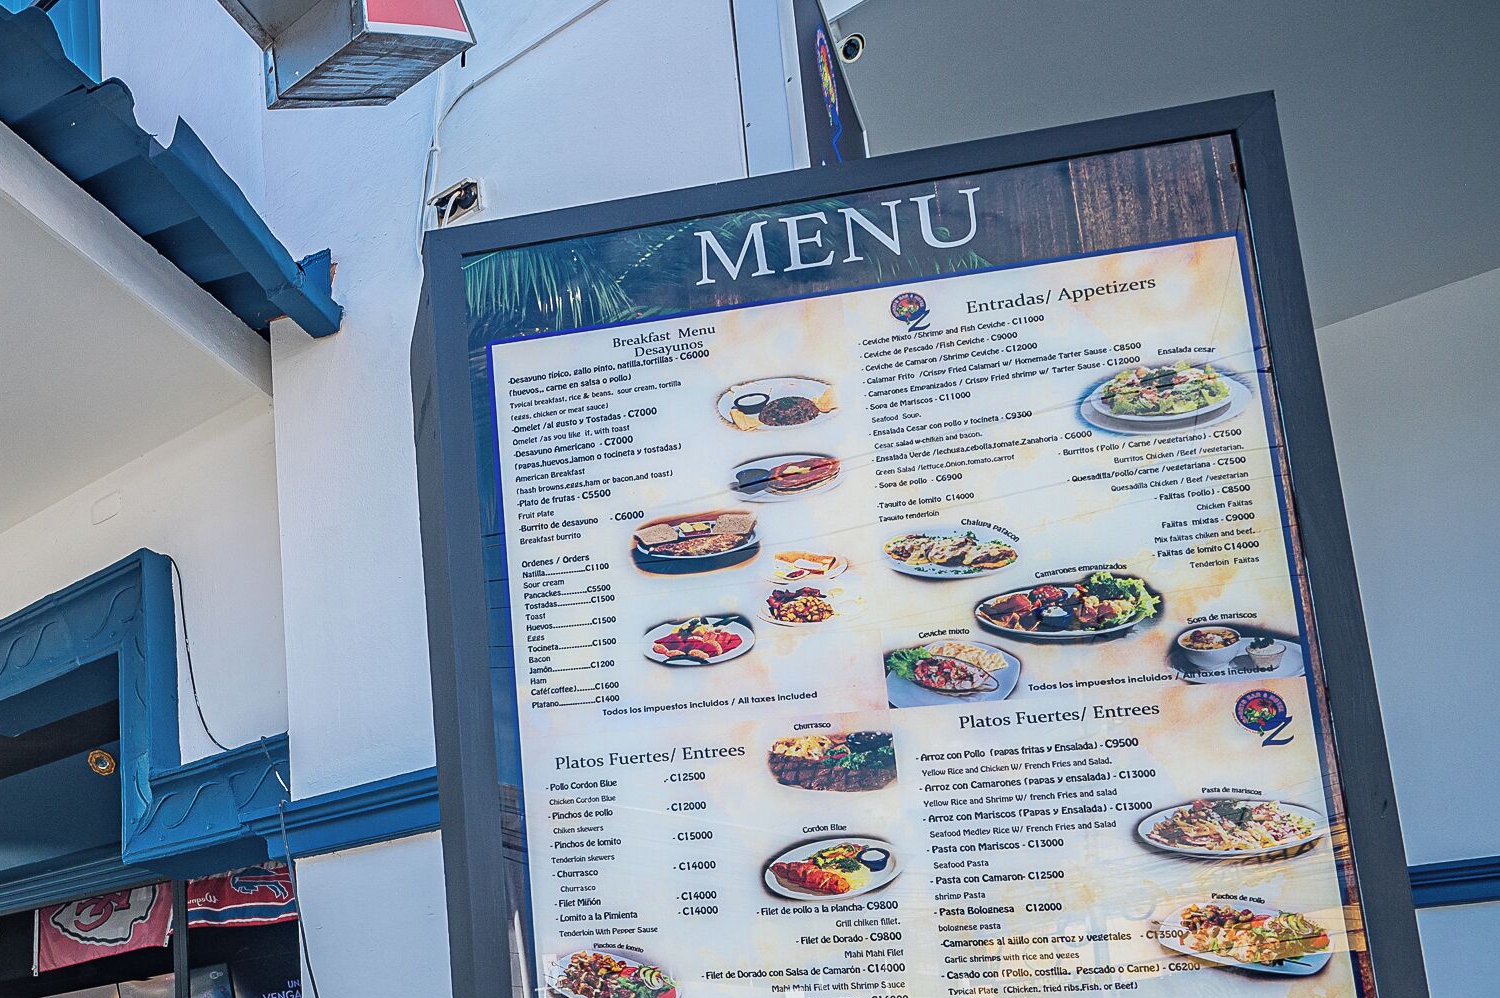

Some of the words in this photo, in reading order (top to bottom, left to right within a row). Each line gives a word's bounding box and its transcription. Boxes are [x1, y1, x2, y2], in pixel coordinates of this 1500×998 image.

[694, 187, 980, 286] MENU
[1057, 278, 1156, 303] Appetizers
[612, 331, 671, 348] Breakfast
[678, 326, 716, 339] Menu
[634, 340, 704, 357] Desayunos
[1157, 346, 1192, 356] Ensalada
[871, 414, 899, 424] Seafood
[554, 442, 596, 453] Americano
[604, 435, 634, 447] C7000
[515, 473, 549, 483] American
[550, 468, 585, 479] Breakfast
[540, 497, 551, 505] de
[551, 495, 576, 504] frutas
[581, 488, 611, 500] C5500
[1196, 502, 1226, 511] Chicken
[1191, 517, 1219, 526] mixtas
[1225, 512, 1255, 522] C9000
[519, 535, 554, 545] Breakfast
[556, 532, 582, 541] burrito
[521, 558, 554, 568] Ordenes
[562, 554, 590, 564] Orders
[1189, 559, 1230, 569] Tenderloin
[1034, 566, 1077, 579] Camarones
[1077, 562, 1127, 574] empanizados
[523, 581, 541, 589] Sour
[542, 579, 565, 587] cream
[525, 612, 546, 621] Toast
[1186, 616, 1208, 625] Sopa
[1208, 613, 1219, 621] de
[1220, 612, 1258, 620] mariscos
[918, 629, 947, 639] Ceviche
[528, 656, 551, 664] Bacon
[530, 677, 547, 685] Ham
[958, 714, 1011, 729] Platos
[1092, 705, 1160, 719] Entrees
[793, 722, 832, 731] Churrasco
[555, 755, 604, 770] Platos
[682, 746, 746, 761] Entrees
[669, 771, 706, 782] C12500
[549, 782, 569, 792] Pollo
[570, 781, 599, 790] Cordon
[599, 779, 618, 788] Blue
[1231, 787, 1262, 796] mariscos
[670, 801, 707, 812] C12000
[552, 811, 582, 820] Pinchos
[583, 809, 594, 818] de
[594, 808, 614, 817] pollo
[802, 824, 829, 834] Cordon
[830, 823, 847, 831] Blue
[677, 830, 713, 841] C15000
[931, 845, 958, 854] Pasta
[959, 844, 976, 853] con
[978, 841, 1020, 852] Mariscos
[1027, 838, 1064, 849] C13000
[550, 855, 586, 864] Tenderloin
[933, 860, 965, 870] Seafood
[966, 860, 989, 868] Pasta
[939, 907, 965, 916] Pasta
[967, 905, 1015, 915] Bolognesa
[1025, 902, 1062, 913] C12000
[844, 950, 864, 959] Mahi
[865, 949, 885, 958] Mahi
[886, 948, 904, 957] Filet
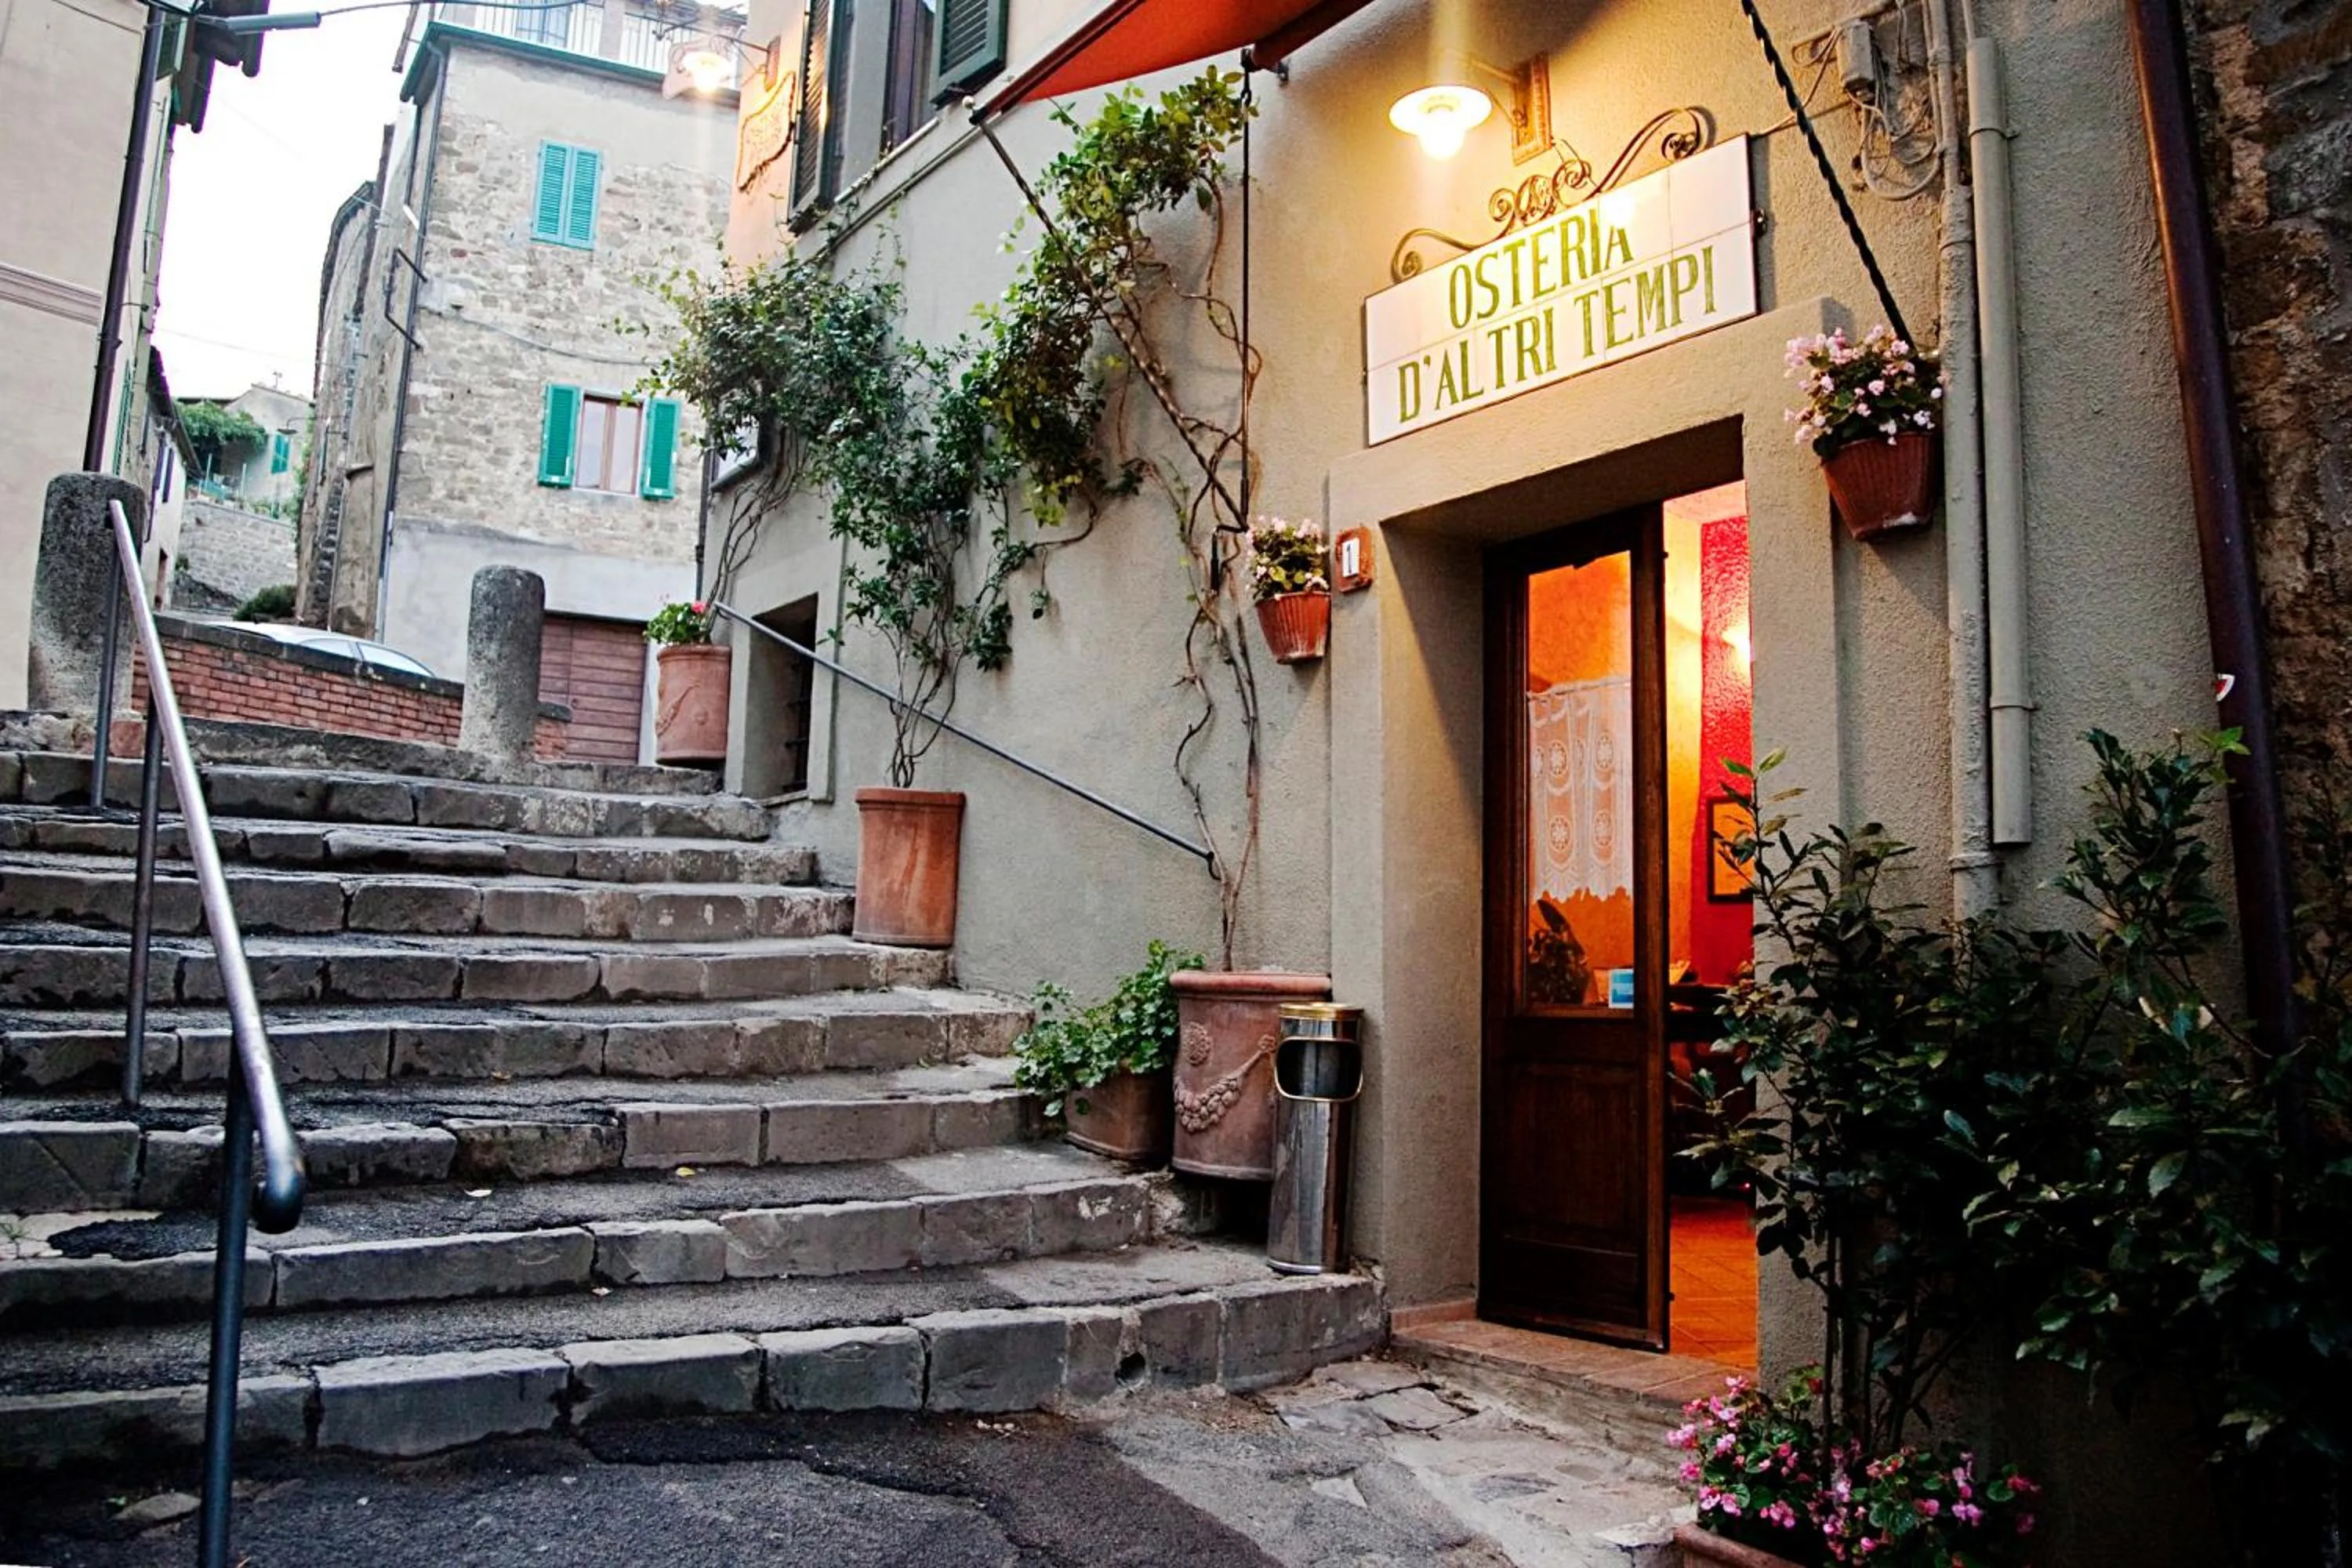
##########
▸ About this exercise
Reproduce the listing exactly, but keep its images out of the copy.

▸ Written answer
Some of the words in this photo, in reading order (top to bottom, left to right within a row). Each line gives a word's bounding box and its transcription. Boxes are [x1, y1, x2, y2], in pixel coordinates of this 1500×998 image.

[694, 187, 980, 286] MENU
[1057, 278, 1156, 303] Appetizers
[612, 331, 671, 348] Breakfast
[678, 326, 716, 339] Menu
[634, 340, 704, 357] Desayunos
[1157, 346, 1192, 356] Ensalada
[871, 414, 899, 424] Seafood
[554, 442, 596, 453] Americano
[604, 435, 634, 447] C7000
[515, 473, 549, 483] American
[550, 468, 585, 479] Breakfast
[540, 497, 551, 505] de
[551, 495, 576, 504] frutas
[581, 488, 611, 500] C5500
[1196, 502, 1226, 511] Chicken
[1191, 517, 1219, 526] mixtas
[1225, 512, 1255, 522] C9000
[519, 535, 554, 545] Breakfast
[556, 532, 582, 541] burrito
[521, 558, 554, 568] Ordenes
[562, 554, 590, 564] Orders
[1189, 559, 1230, 569] Tenderloin
[1034, 566, 1077, 579] Camarones
[1077, 562, 1127, 574] empanizados
[523, 581, 541, 589] Sour
[542, 579, 565, 587] cream
[525, 612, 546, 621] Toast
[1186, 616, 1208, 625] Sopa
[1208, 613, 1219, 621] de
[1220, 612, 1258, 620] mariscos
[918, 629, 947, 639] Ceviche
[528, 656, 551, 664] Bacon
[530, 677, 547, 685] Ham
[958, 714, 1011, 729] Platos
[1092, 705, 1160, 719] Entrees
[793, 722, 832, 731] Churrasco
[555, 755, 604, 770] Platos
[682, 746, 746, 761] Entrees
[669, 771, 706, 782] C12500
[549, 782, 569, 792] Pollo
[570, 781, 599, 790] Cordon
[599, 779, 618, 788] Blue
[1231, 787, 1262, 796] mariscos
[670, 801, 707, 812] C12000
[552, 811, 582, 820] Pinchos
[583, 809, 594, 818] de
[594, 808, 614, 817] pollo
[802, 824, 829, 834] Cordon
[830, 823, 847, 831] Blue
[677, 830, 713, 841] C15000
[931, 845, 958, 854] Pasta
[959, 844, 976, 853] con
[978, 841, 1020, 852] Mariscos
[1027, 838, 1064, 849] C13000
[550, 855, 586, 864] Tenderloin
[933, 860, 965, 870] Seafood
[966, 860, 989, 868] Pasta
[939, 907, 965, 916] Pasta
[967, 905, 1015, 915] Bolognesa
[1025, 902, 1062, 913] C12000
[844, 950, 864, 959] Mahi
[865, 949, 885, 958] Mahi
[886, 948, 904, 957] Filet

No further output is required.